The last known giant squid (Architeuthis dux) to wash ashore near Cape Town showed up about 6 miles (10 kilometers) northwest of Scarborough Beach, on Long Beach in Kommetjie, on April 30, Live Science previously reported. That cephalopod measured roughly 11.5 feet (3.5 m) long. For comparison, the largest giant squid ever seen measured a whopping 43 feet (13 m) long, and some studies suggest that the creatures could potentially reach 66 feet (20 m) long, although no squid of such size has ever been spotted.
The squid that washed onto Scarborough Beach this week seemed to be another A. dux specimen, said Mike Vecchione, a National Oceanic and Atmospheric Administration invertebrate zoologist stationed at the Smithsonian's National Museum of Natural History in Washington, D.C. "Although other large squids exist, I am fairly certain this is a true giant squid," he told Live Science in an email.
Other squid species, including the colossal squid (Mesonychoteuthis hamiltoni), rival A. dux in terms of sheer size, and some scientists argue that the Architeuthis genus actually includes a variety of giant squid species, rather than A. dux alone, according to the Smithsonian (opens in new tab).
Related: Why are there so many giants in the deep sea?
Giant squid species beak reveal (by attending marine biologist) - Scarborough wreck this morning. pic.twitter.com/9Mr9QbjZmiAugust 16, 2022
Without an examination of its internal organs, it's difficult to guess how the Scarborough Beach squid perished, Vecchione said. "Note that most of the skin has abraded and some of the arms are broken off, but this (especially the skin abrasion) can result from washing up on the rocky shore." The remaining skin on the squid's mantle — the muscular sheath that houses its organs — gleamed ghostly white in the sun.
It may be that the squid ventured into shallow, near-shore waters to feed and got struck by a ship propeller, "but this is difficult to prove without witnesses," Dylan Clarke, a marine scientist and curator at Iziko South African Museum, told news24. "The literature … suggests that they come up into shallower waters because they display a behaviour called diel vertical migration. In other words, they venture into shallower waters during the evening to feed and migrate back to deeper waters during the day."
Giant squid generally live in frigid waters some 1,640 to 3,280 feet (500 to 1,000 m) beneath the ocean surface, and they use their dinner plate-size eyes to peer through the inky darkness, according to the Smithsonian. Based on where the animals have washed ashore, scientists think the squids may inhabitat all the world's oceans, but they're most frequently seen on the shores of New Zealand and Pacific islands, on the east and west sides of the North Atlantic, and in the South Atlantic along the African coast.

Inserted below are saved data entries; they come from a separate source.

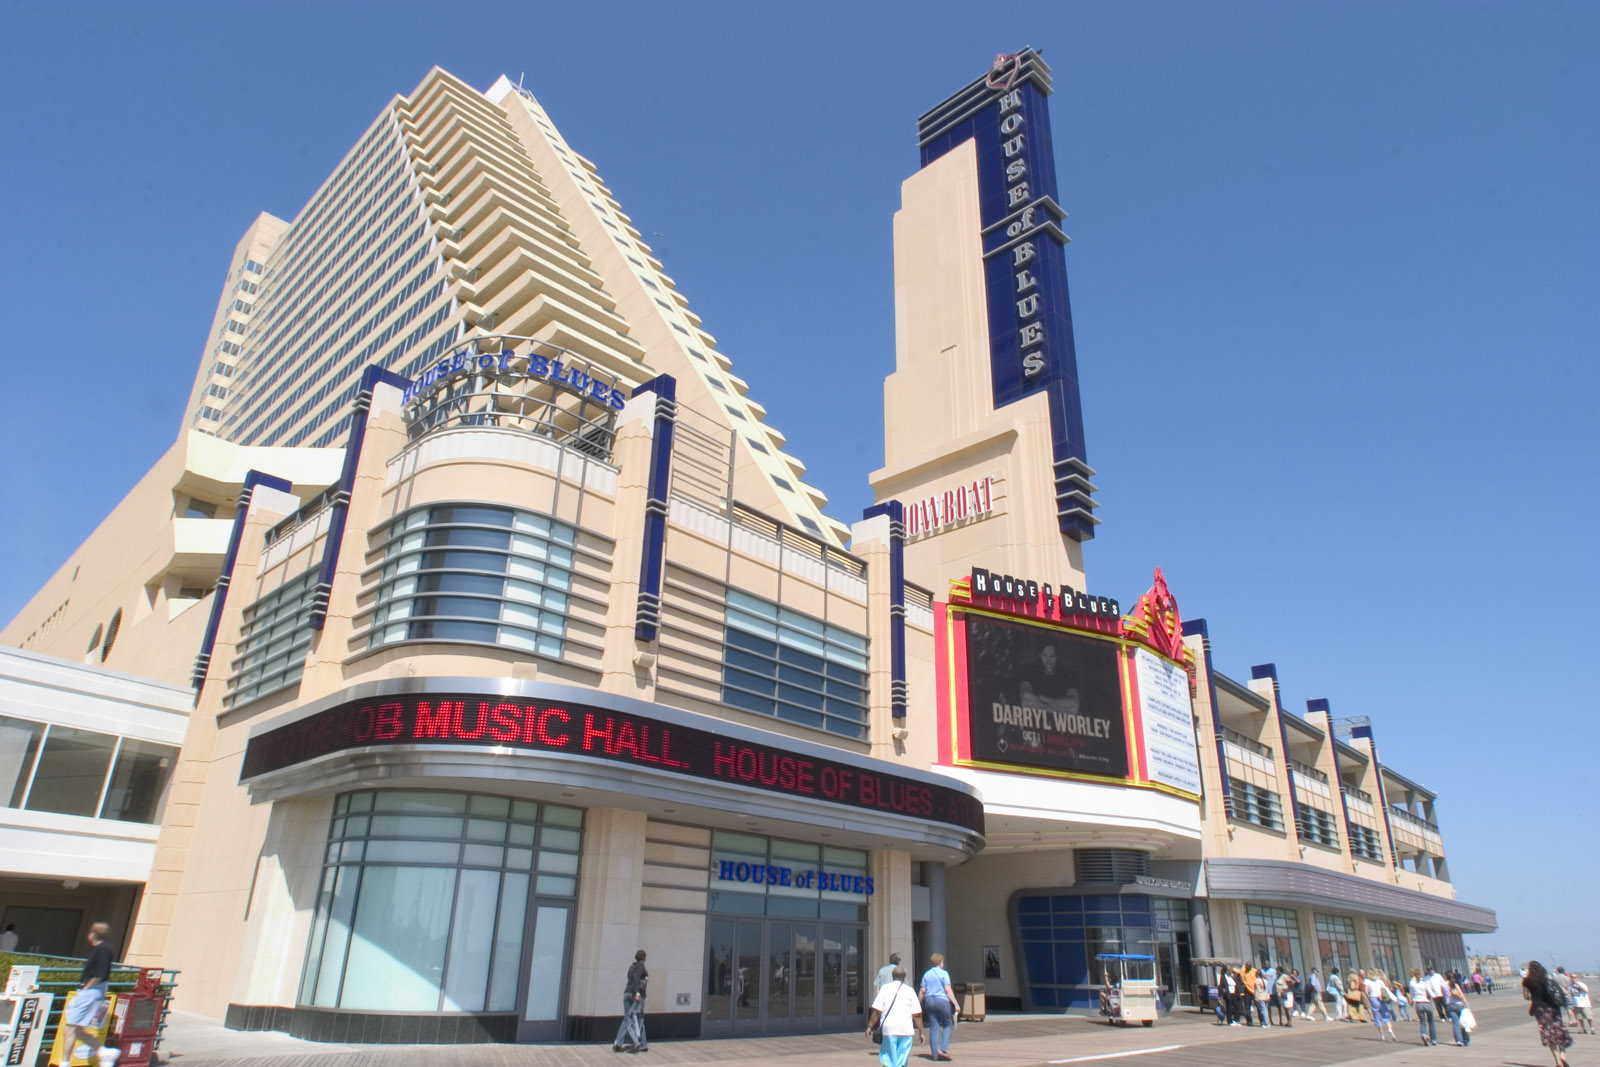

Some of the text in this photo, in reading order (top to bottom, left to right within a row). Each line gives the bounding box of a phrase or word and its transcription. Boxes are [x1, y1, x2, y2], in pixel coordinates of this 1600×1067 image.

[999, 88, 1045, 377] HOUSE of BLUES
[400, 350, 626, 411] HOUSE of BLUES
[976, 574, 1036, 598] HOUSE
[1064, 592, 1118, 615] BLUES
[412, 700, 571, 747] MUSIC
[992, 702, 1111, 739] DARRYL WORLEY
[713, 741, 815, 794] HOUSE
[821, 766, 853, 799] OF
[859, 774, 933, 816] BLUES
[719, 859, 875, 896] HOUSE of BLUES
[8, 999, 38, 1064] The Inquirer

"Strandings of Architeuthis on South African shores are not unusual at all," Vecchione told Live Science. "It is one of several places around the world where they show up regularly."
Officials gathered tissue samples from the squid carcass on Scarborough Beach, and these will soon be examined by researchers at the Iziko South African Museum, Gregg Oelofse, the City of Cape Town coastal manager, told news24. Scientists could use such samples to sequence the animal's DNA and run chemical analyses to detect pollutants and stable isotopes — nonradioactive chemical elements with varying numbers of neutrons in their nuclei — in its flesh, Vecchione said. The isotope analysis would provide hints about the squid's feeding history, as would an examination of the animal's digestive system.

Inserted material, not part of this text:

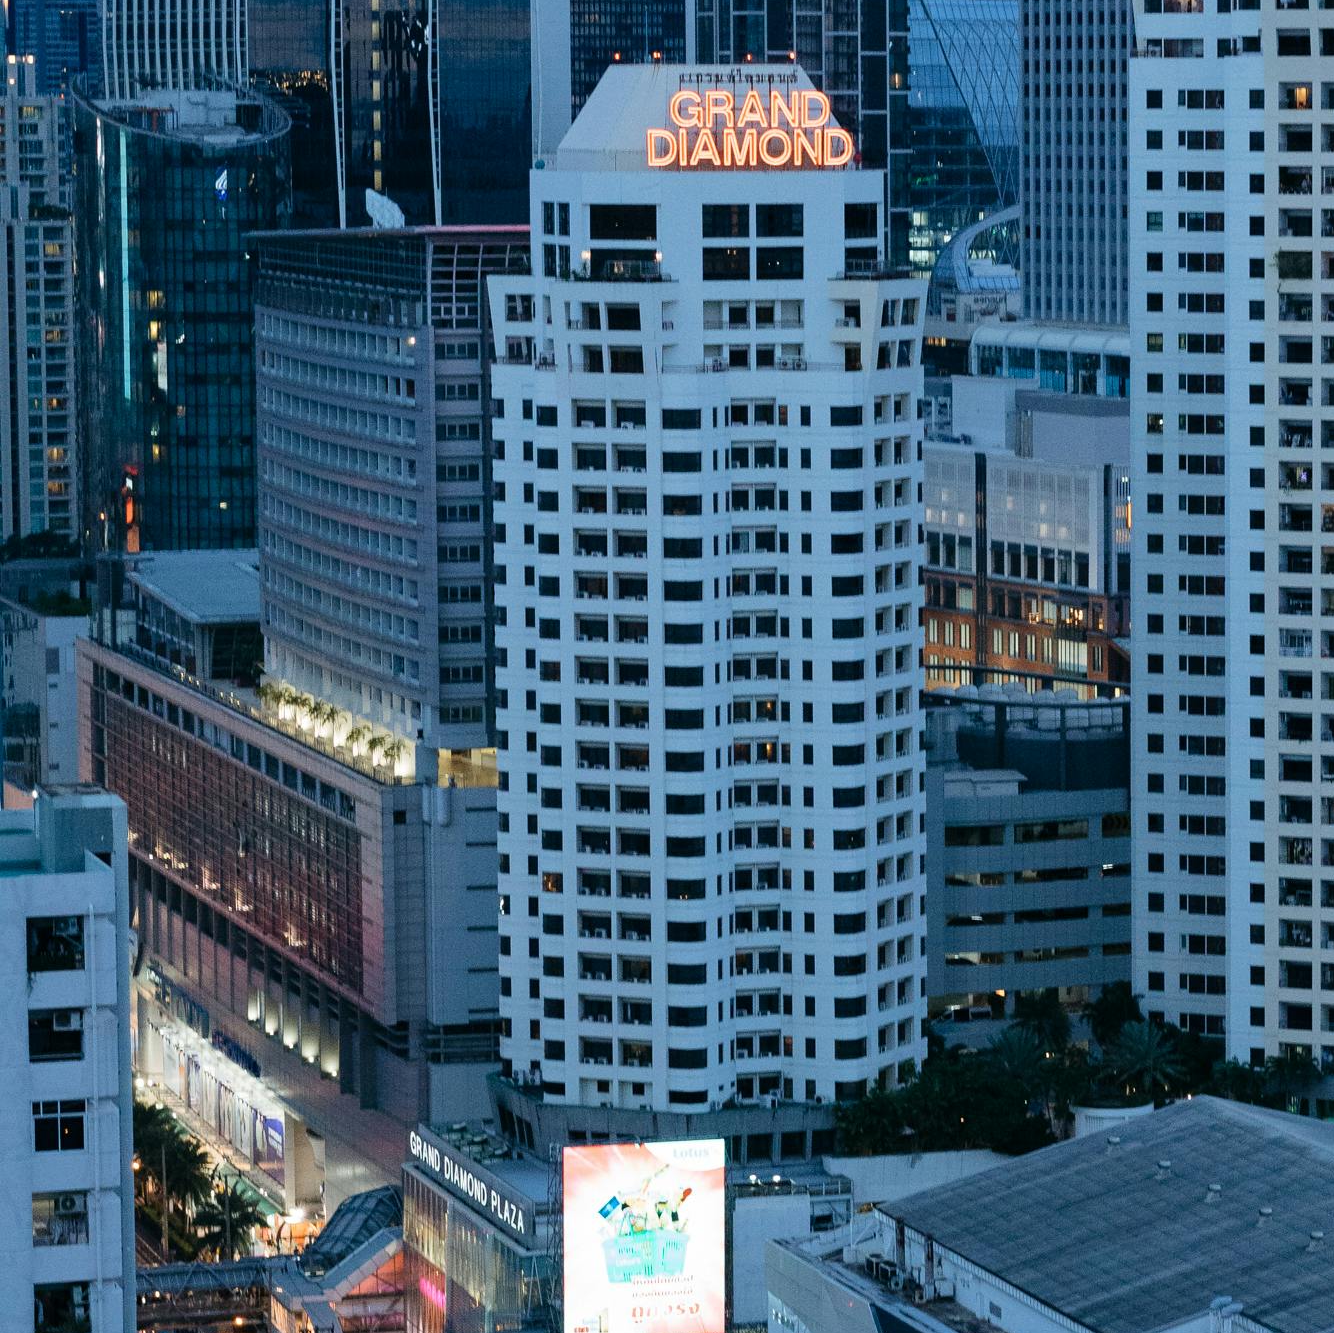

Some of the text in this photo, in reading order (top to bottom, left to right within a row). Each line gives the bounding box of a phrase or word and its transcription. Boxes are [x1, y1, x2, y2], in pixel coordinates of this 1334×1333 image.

In addition, scientists could determine how old the squid was based on its reproductive organs and statoliths, small mineralized masses that sit inside sensory organs in the squid's head and accumulate "growth rings" over time, Vecchione said. Past studies of these statoliths suggest that giant squid can live to be about 5 years old, according to the Smithsonian.
"The availability of information on giant squids is relatively poor and is either based on dead or dying animals that have been washed ashore or captured in commercial trawl nets," Clarke told news24. The newfound Scarborough Beach squid will join a collection of giant squid specimens at the Iziko South African Museum that were largely acquired through such strandings or incidental catches during bottom trawls, he said.